Method 1 — Using a subdomain (recommended)
Step 1 — Create a subdomain
- Log in to cPanel.
- Go to Domains → Subdomains.
- Create a subdomain called staging (e.g. staging.yourdomain.com).
- Note the document root folder that cPanel assigns (e.g. public_html/staging).
Step 2 — Copy WordPress files
- In cPanel File Manager, select all files in public_html (your live site).
- Copy them to public_html/staging.
Step 3 — Copy the database
- In cPanel, go to Databases → phpMyAdmin.
- Select your live WordPress database.
- Click Export → Quick → Go to download a .sql file.
- Create a new database in cPanel under MySQL Databases.
- In phpMyAdmin, select the new database, click Import, and upload the .sql file.
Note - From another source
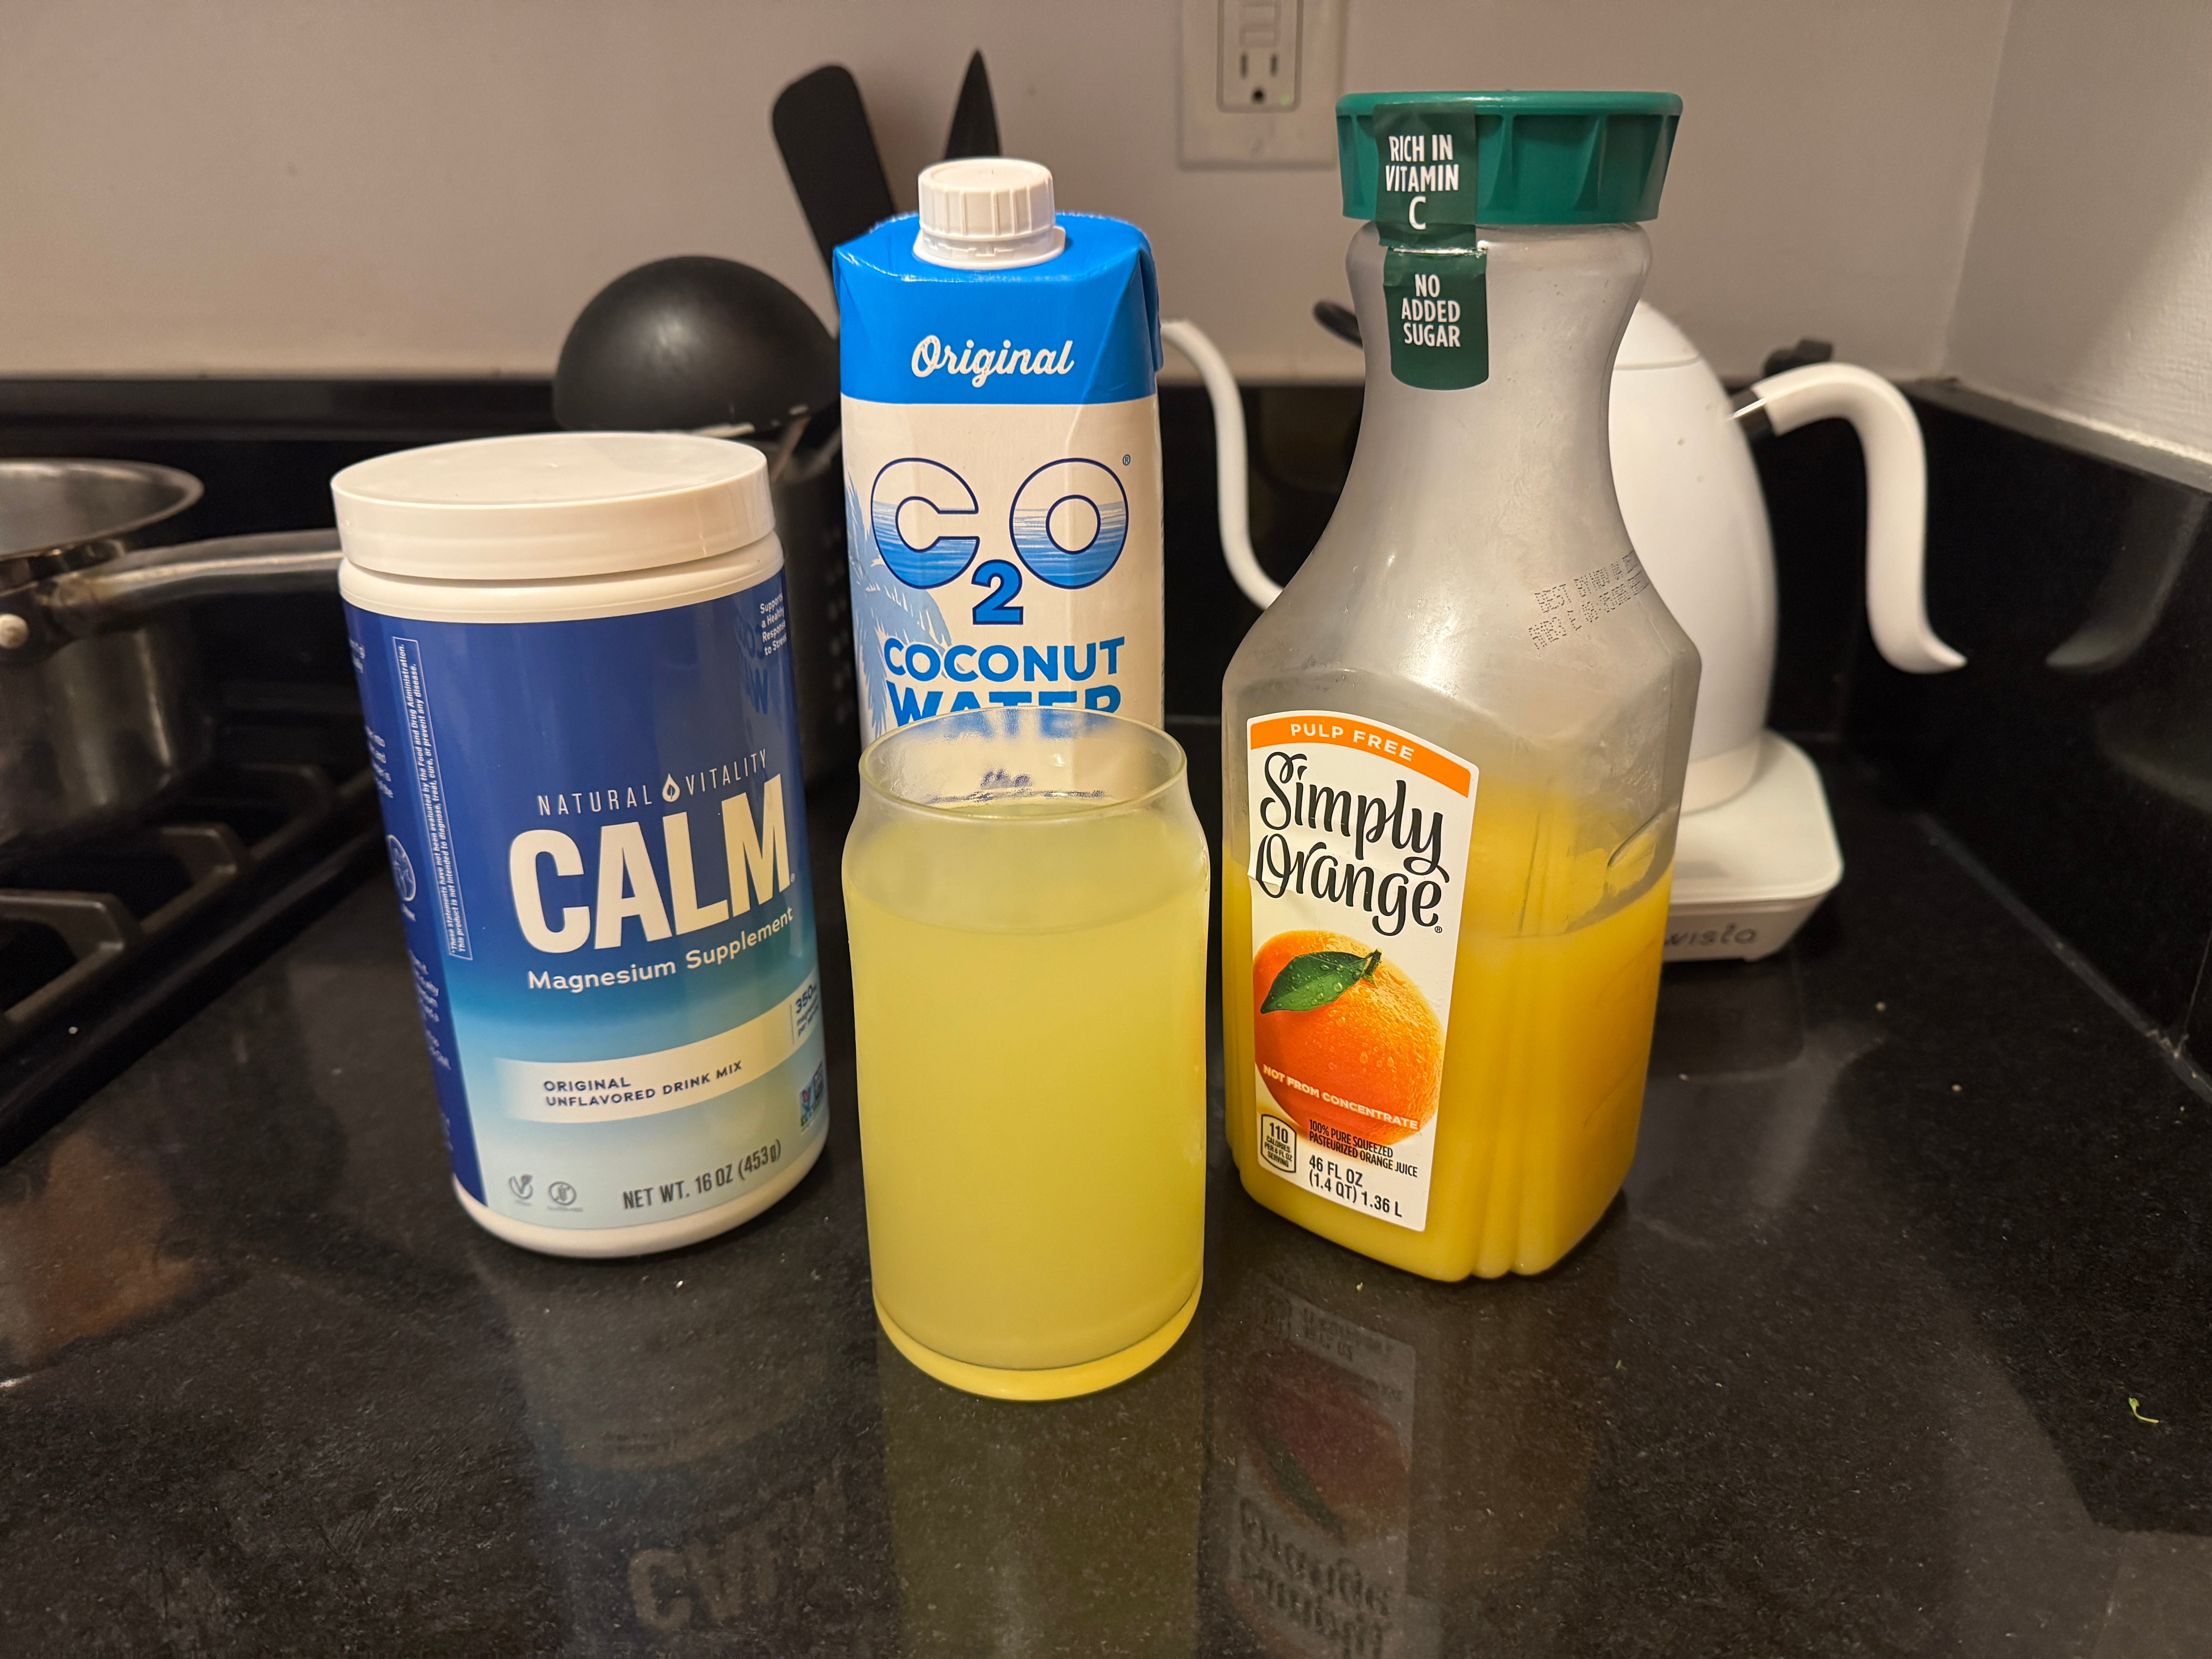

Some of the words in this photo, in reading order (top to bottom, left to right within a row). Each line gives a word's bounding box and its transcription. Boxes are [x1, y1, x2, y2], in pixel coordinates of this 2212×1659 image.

Step 4 — Configure the staging wp-config.php
- In File Manager, open public_html/staging/wp-config.php.
- Update the database name, username, and password to match the new staging database.
- Save the file.
Step 5 — Update WordPress URLs in the staging database
- In phpMyAdmin, select the staging database and click the SQL tab.
- Run the following two queries (replace the URLs with your actual domains):
UPDATE wp_options SET option_value = 'https://staging.yourdomain.com' WHERE option_name = 'siteurl';
UPDATE wp_options SET option_value = 'https://staging.yourdomain.com' WHERE option_name = 'home';
Step 6 — Password protect the staging site
Keep your staging site private so it does not appear in search engines and is not accessible to the public.
- In cPanel, go to Security → Directory Privacy.
- Navigate to the staging folder and enable password protection.
- Set a username and password.
Method 2 — Using the WP Staging plugin
The WP Staging plugin automates all of the above steps. Install it from the WordPress plugin repository, click Create Staging Site, and it will clone your site automatically.